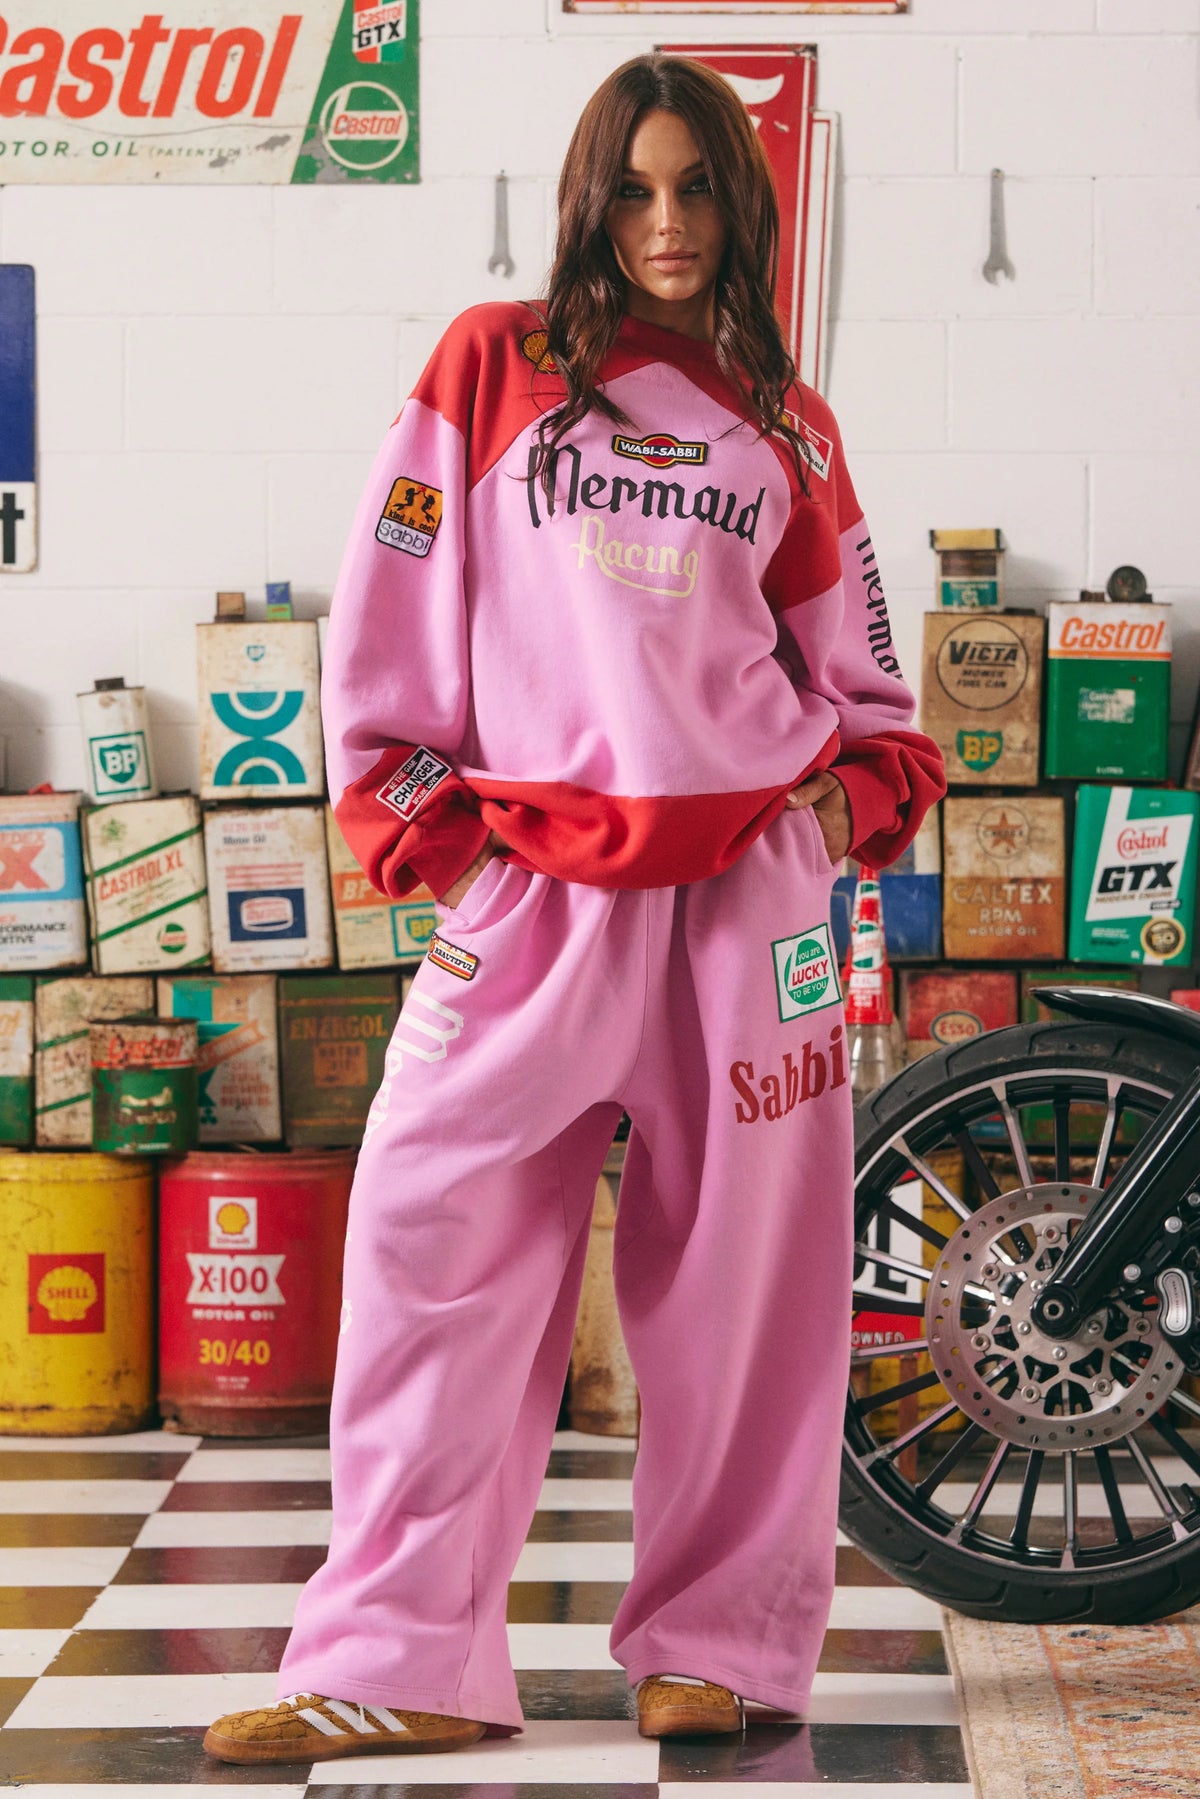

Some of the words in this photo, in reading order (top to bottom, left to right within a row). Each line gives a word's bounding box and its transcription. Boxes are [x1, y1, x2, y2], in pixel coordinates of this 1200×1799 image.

[356, 3, 403, 28] Castrol
[358, 19, 400, 49] GTX
[0, 15, 302, 118] astrol
[332, 113, 402, 136] Castrol
[92, 141, 138, 157] OIL
[620, 441, 697, 457] WABI-SABBI
[528, 443, 766, 545] Mermaid
[388, 509, 405, 522] kind
[408, 517, 416, 526] is
[418, 522, 435, 534] cool
[379, 521, 430, 552] Sabbi
[570, 515, 699, 598] Racing
[1059, 617, 1166, 650] Castrol
[949, 641, 1018, 665] VICTA
[963, 735, 1000, 762] BP
[104, 749, 137, 776] BP
[388, 782, 398, 791] BE
[396, 771, 407, 784] THE
[404, 759, 418, 773] GAME
[394, 760, 437, 805] CHANGER
[412, 788, 429, 805] SPARK
[425, 776, 439, 789] LOVE
[1117, 825, 1169, 860] Castrol
[99, 857, 162, 900] CASTROL
[164, 849, 185, 873] XL
[1097, 861, 1178, 893] GTX
[953, 883, 1053, 904] CALTEX
[410, 918, 435, 938] BP
[980, 907, 1022, 923] RPM
[967, 927, 1013, 937] MOTOR
[435, 948, 474, 971] BEAUTIFUL
[798, 950, 810, 963] you
[810, 946, 821, 956] are
[792, 959, 828, 987] LUCKY
[793, 990, 802, 999] TO
[803, 987, 811, 995] BE
[812, 979, 827, 992] YOU
[108, 1034, 185, 1060] Castrol
[730, 1024, 846, 1124] Sabbi
[199, 1265, 268, 1294] X-100
[47, 1287, 90, 1300] SHELL
[192, 1308, 246, 1321] MOTOR
[250, 1310, 275, 1321] OIL
[199, 1338, 271, 1367] 30/40
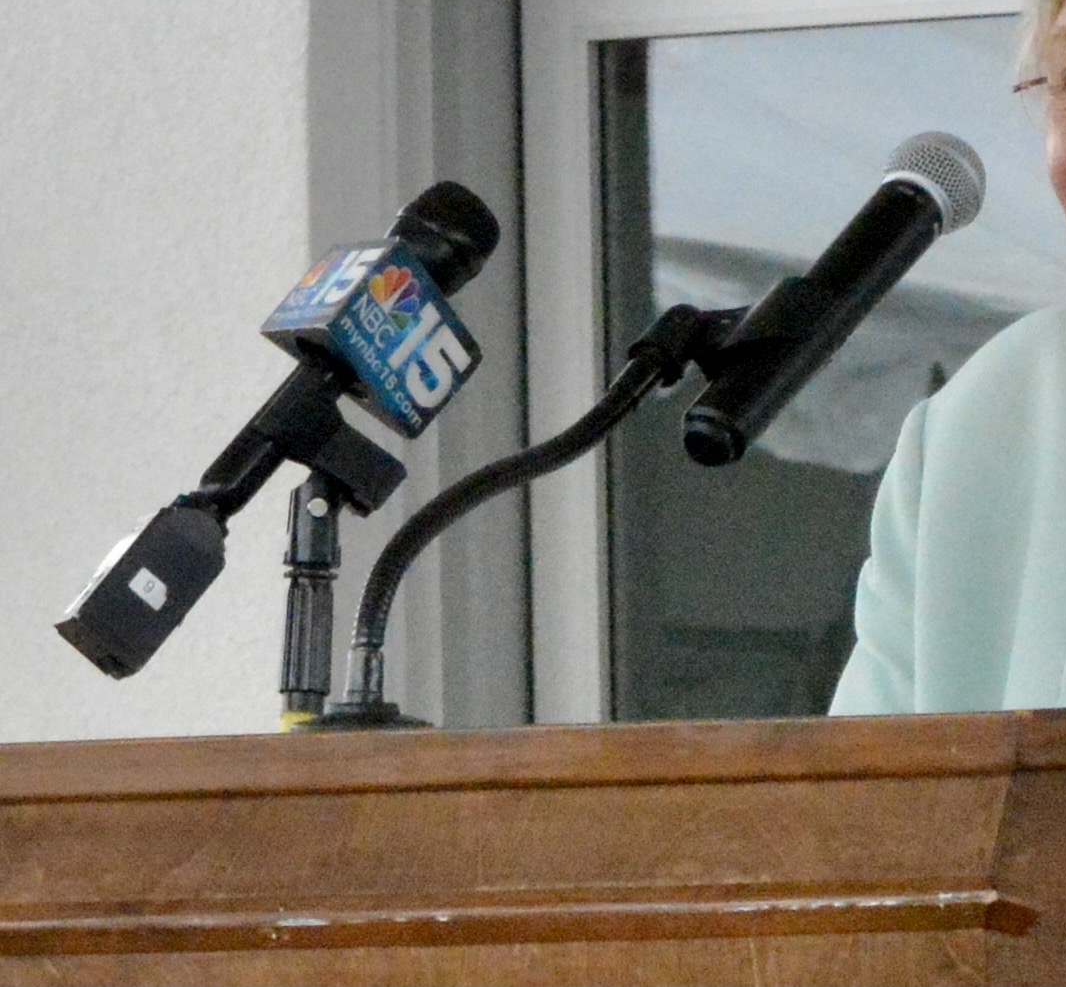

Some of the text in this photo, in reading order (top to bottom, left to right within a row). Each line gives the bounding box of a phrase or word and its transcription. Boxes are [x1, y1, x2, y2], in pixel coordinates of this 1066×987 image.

[311, 247, 386, 304] 15
[353, 293, 395, 349] NBC
[388, 301, 472, 409] 15
[340, 317, 423, 428] mynbc15.com
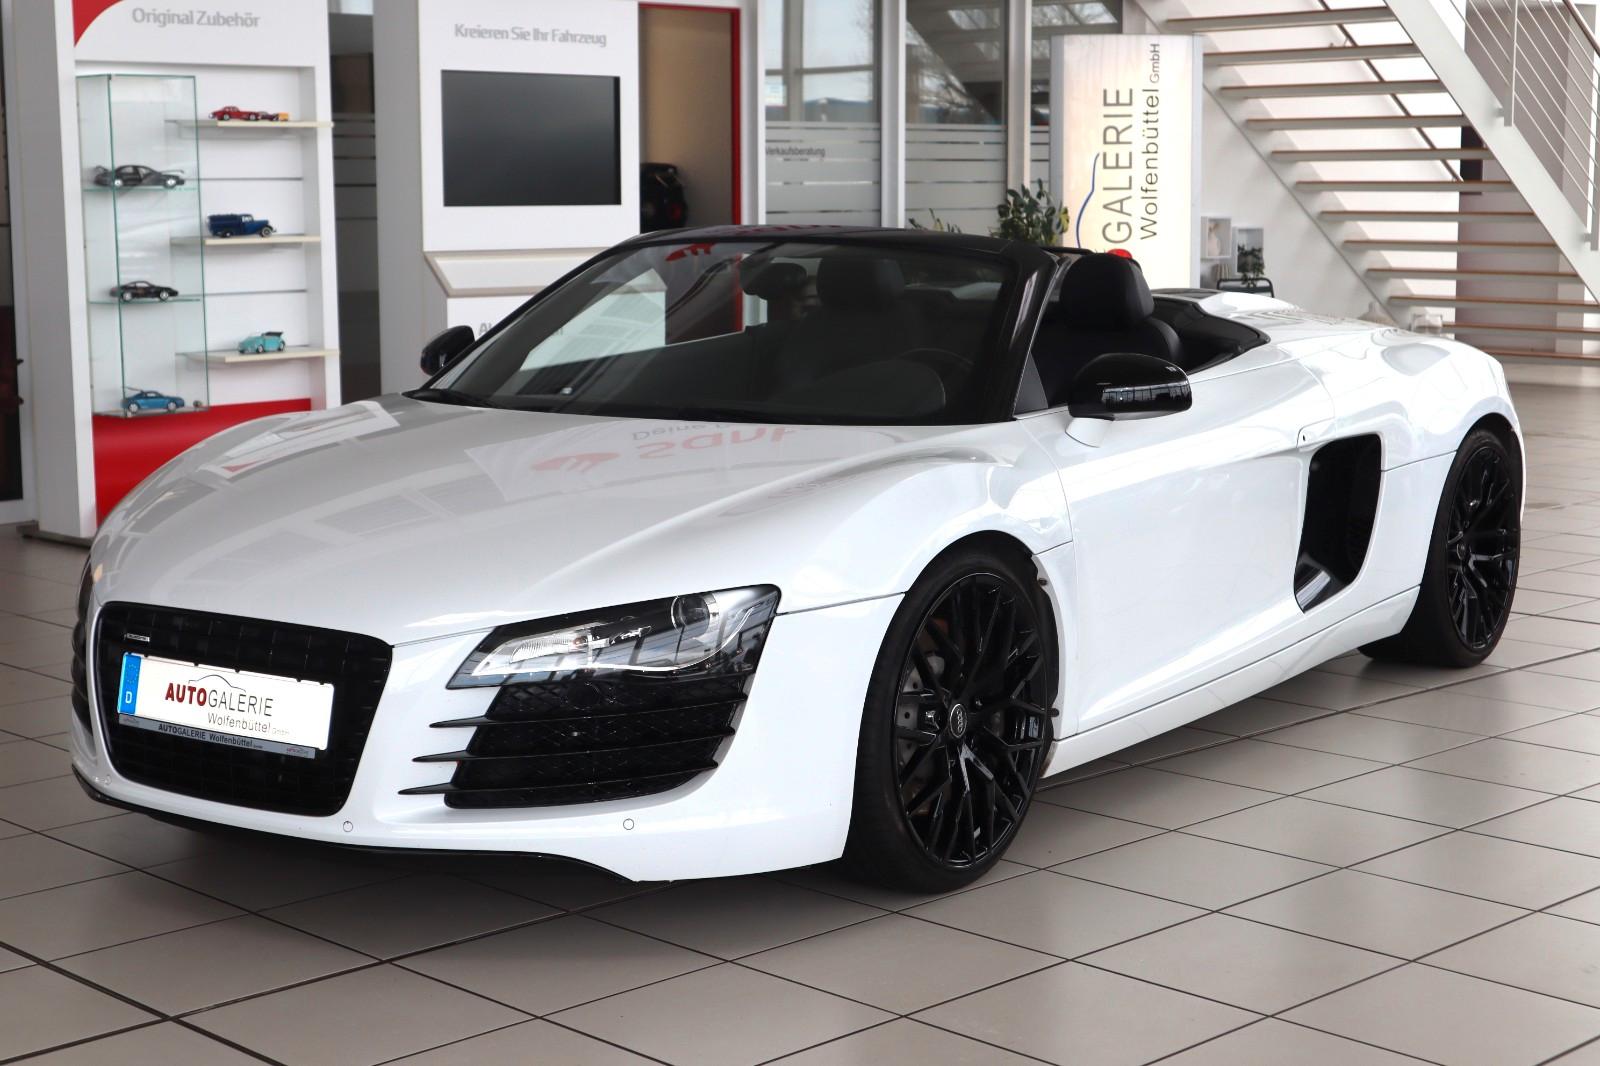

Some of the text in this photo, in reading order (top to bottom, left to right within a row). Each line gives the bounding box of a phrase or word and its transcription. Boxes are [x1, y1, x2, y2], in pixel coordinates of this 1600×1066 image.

[131, 7, 260, 28] Original Zubehör
[454, 23, 607, 48] Kreieren Sie Ihr Fahrzeug
[1140, 43, 1160, 240] Wolfenbüttel GmbH
[1101, 88, 1133, 259] GALERIE
[125, 690, 133, 704] D
[165, 682, 274, 717] AUTOGALERIE
[158, 723, 206, 740] AUTOGALERIE
[209, 732, 253, 748] Wolfenbüttel
[208, 712, 271, 734] Wolfenbüttel
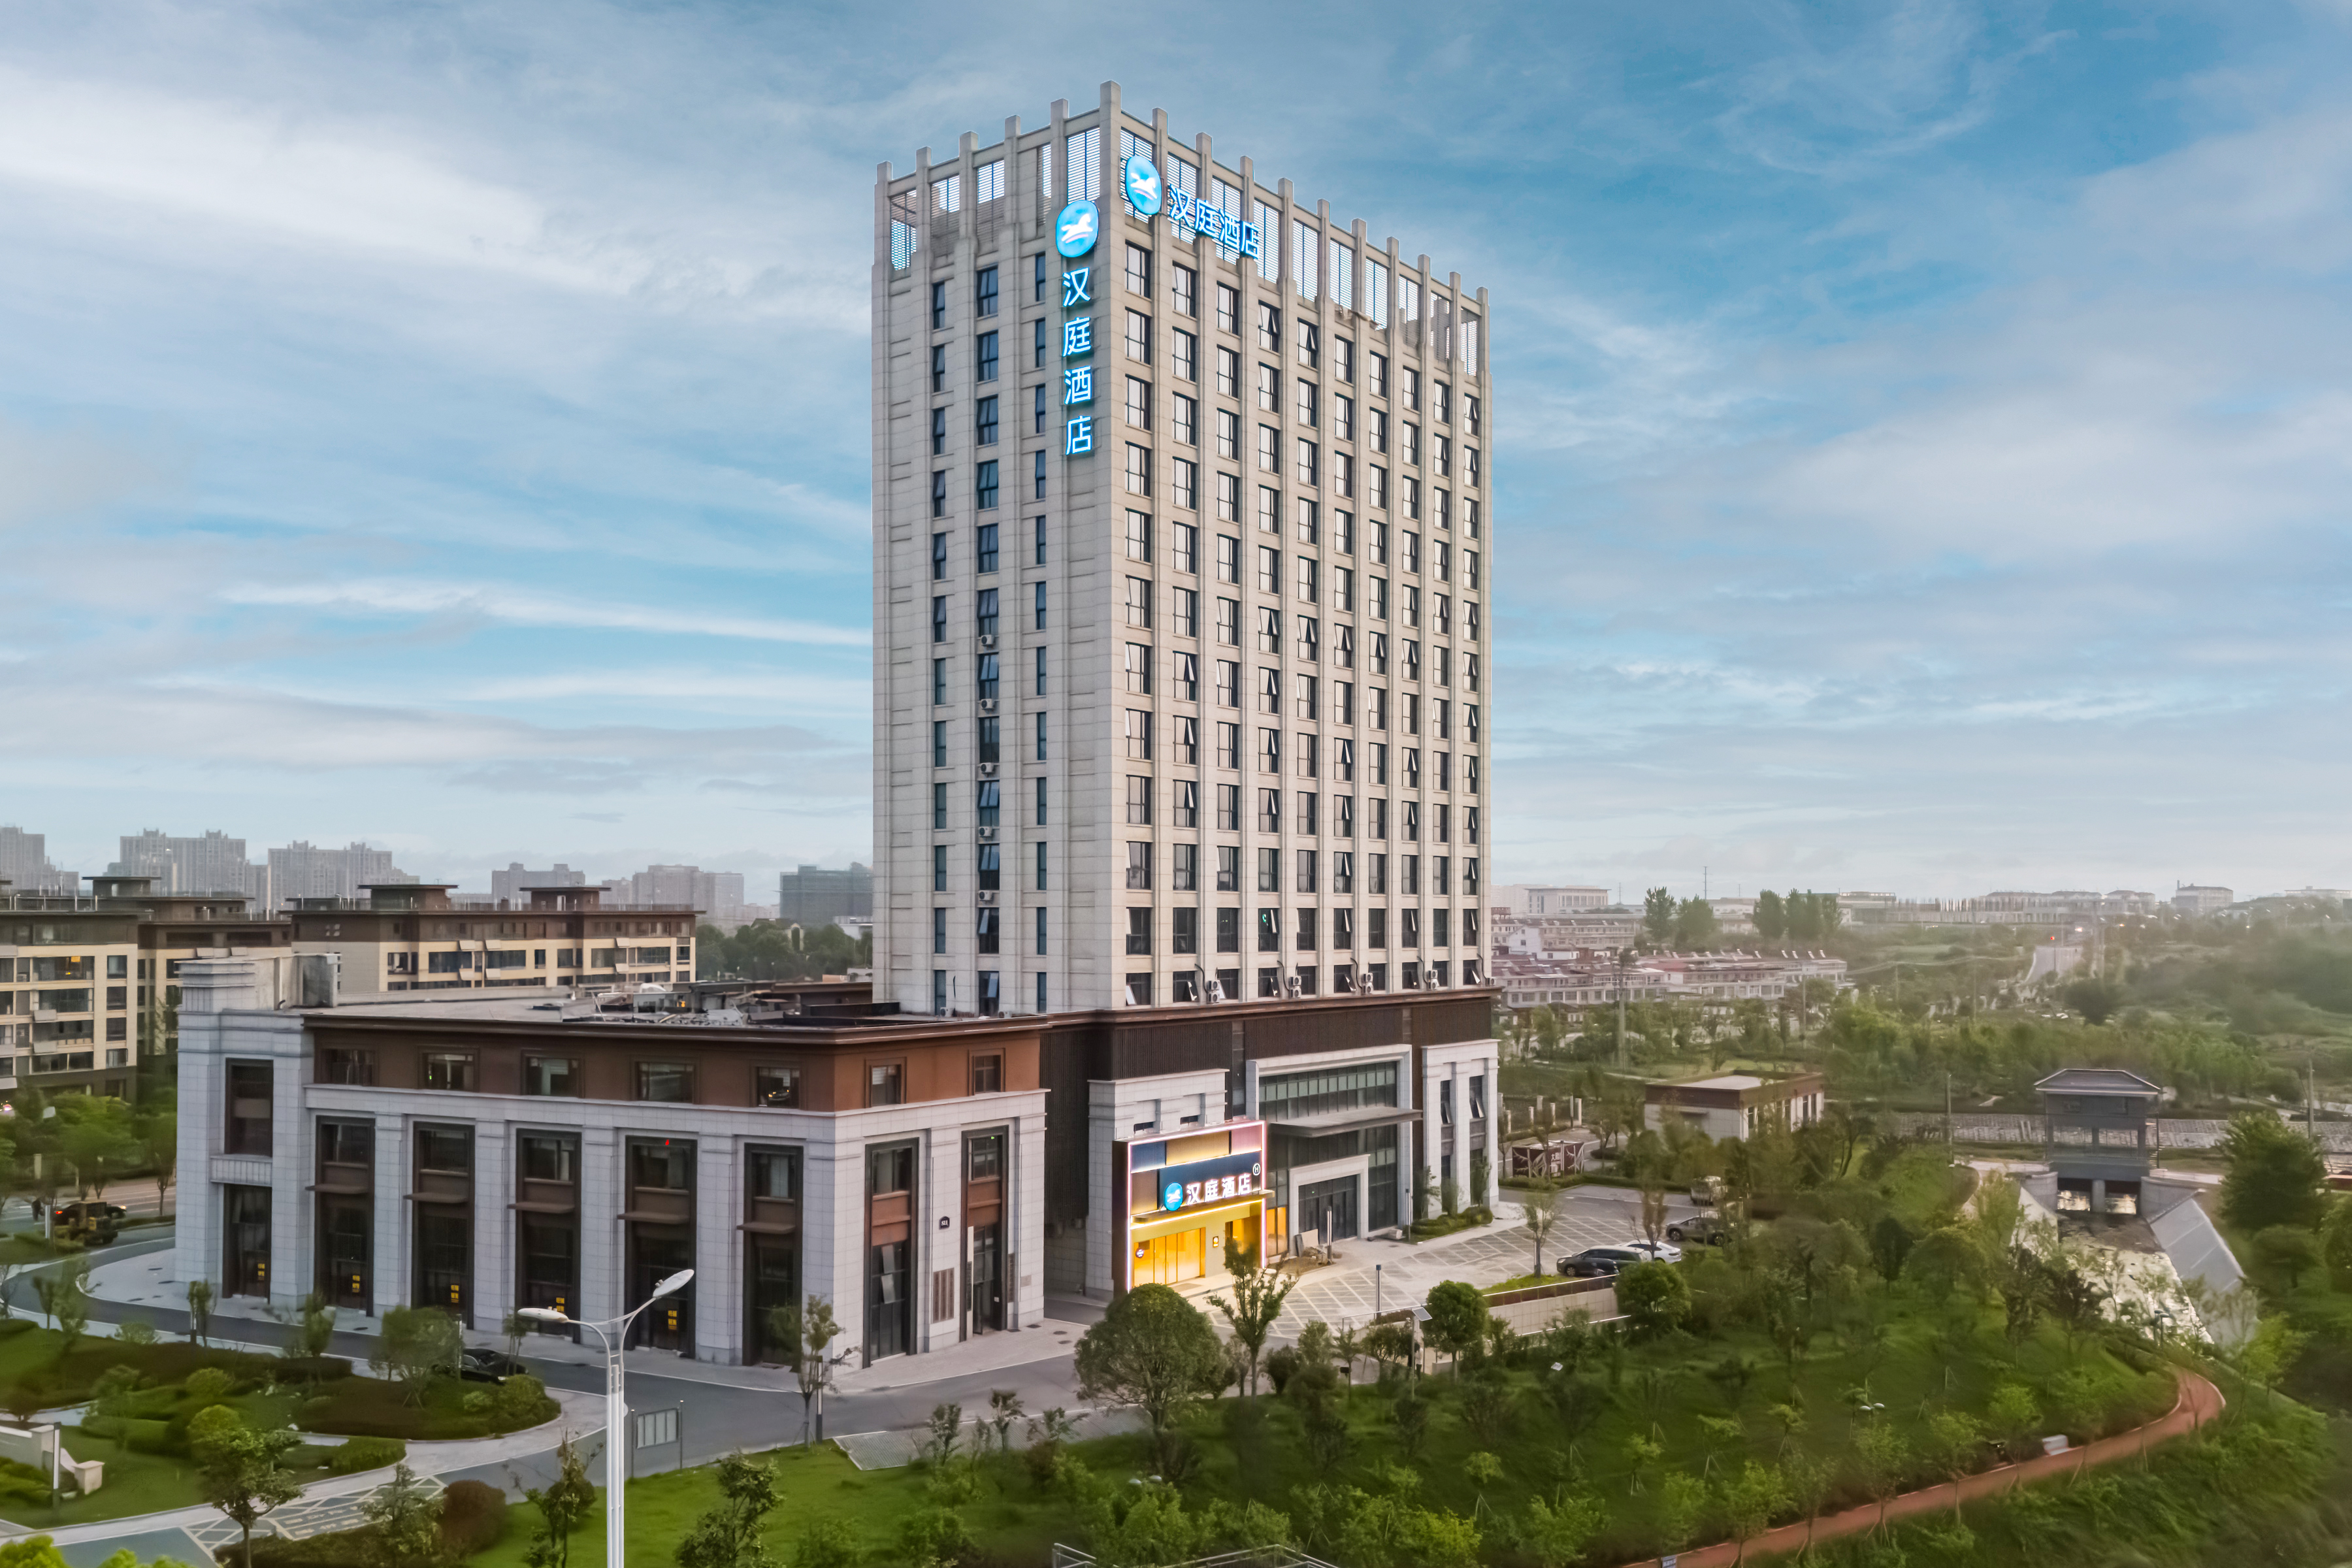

> _Your objective_:
Retype the listing above exactly, please. Pictures do not belong in the copy.

> _Answer to this task_:
Some of the words in this photo, in reading order (top to bottom, left to right within a row). Each line gives a word's bounding box and its transcription. Boxes are [x1, y1, x2, y2], in pixel coordinates of this 1200×1799 image.

[356, 3, 403, 28] Castrol
[358, 19, 400, 49] GTX
[0, 15, 302, 118] astrol
[332, 113, 402, 136] Castrol
[92, 141, 138, 157] OIL
[620, 441, 697, 457] WABI-SABBI
[528, 443, 766, 545] Mermaid
[388, 509, 405, 522] kind
[408, 517, 416, 526] is
[418, 522, 435, 534] cool
[379, 521, 430, 552] Sabbi
[570, 515, 699, 598] Racing
[1059, 617, 1166, 650] Castrol
[949, 641, 1018, 665] VICTA
[963, 735, 1000, 762] BP
[104, 749, 137, 776] BP
[388, 782, 398, 791] BE
[396, 771, 407, 784] THE
[404, 759, 418, 773] GAME
[394, 760, 437, 805] CHANGER
[412, 788, 429, 805] SPARK
[425, 776, 439, 789] LOVE
[1117, 825, 1169, 860] Castrol
[99, 857, 162, 900] CASTROL
[164, 849, 185, 873] XL
[1097, 861, 1178, 893] GTX
[953, 883, 1053, 904] CALTEX
[410, 918, 435, 938] BP
[980, 907, 1022, 923] RPM
[967, 927, 1013, 937] MOTOR
[435, 948, 474, 971] BEAUTIFUL
[798, 950, 810, 963] you
[810, 946, 821, 956] are
[792, 959, 828, 987] LUCKY
[793, 990, 802, 999] TO
[803, 987, 811, 995] BE
[812, 979, 827, 992] YOU
[108, 1034, 185, 1060] Castrol
[730, 1024, 846, 1124] Sabbi
[199, 1265, 268, 1294] X-100
[47, 1287, 90, 1300] SHELL
[192, 1308, 246, 1321] MOTOR
[250, 1310, 275, 1321] OIL
[199, 1338, 271, 1367] 30/40

Some of the text in this photo, in reading order (top to bottom, left to right within a row). Each line gives the bounding box of a phrase or word and its transcription. Boxes are [x1, y1, x2, y2], in pixel coordinates of this 1066×987 image.

[311, 247, 386, 304] 15
[353, 293, 395, 349] NBC
[388, 301, 472, 409] 15
[340, 317, 423, 428] mynbc15.com

Some of the text in this photo, in reading order (top to bottom, left to right within a row). Each line gives the bounding box of a phrase or word and its transcription. Boxes are [x1, y1, x2, y2], in pixel coordinates of this 1600×1066 image.

[131, 7, 260, 28] Original Zubehör
[454, 23, 607, 48] Kreieren Sie Ihr Fahrzeug
[1140, 43, 1160, 240] Wolfenbüttel GmbH
[1101, 88, 1133, 259] GALERIE
[125, 690, 133, 704] D
[165, 682, 274, 717] AUTOGALERIE
[158, 723, 206, 740] AUTOGALERIE
[209, 732, 253, 748] Wolfenbüttel
[208, 712, 271, 734] Wolfenbüttel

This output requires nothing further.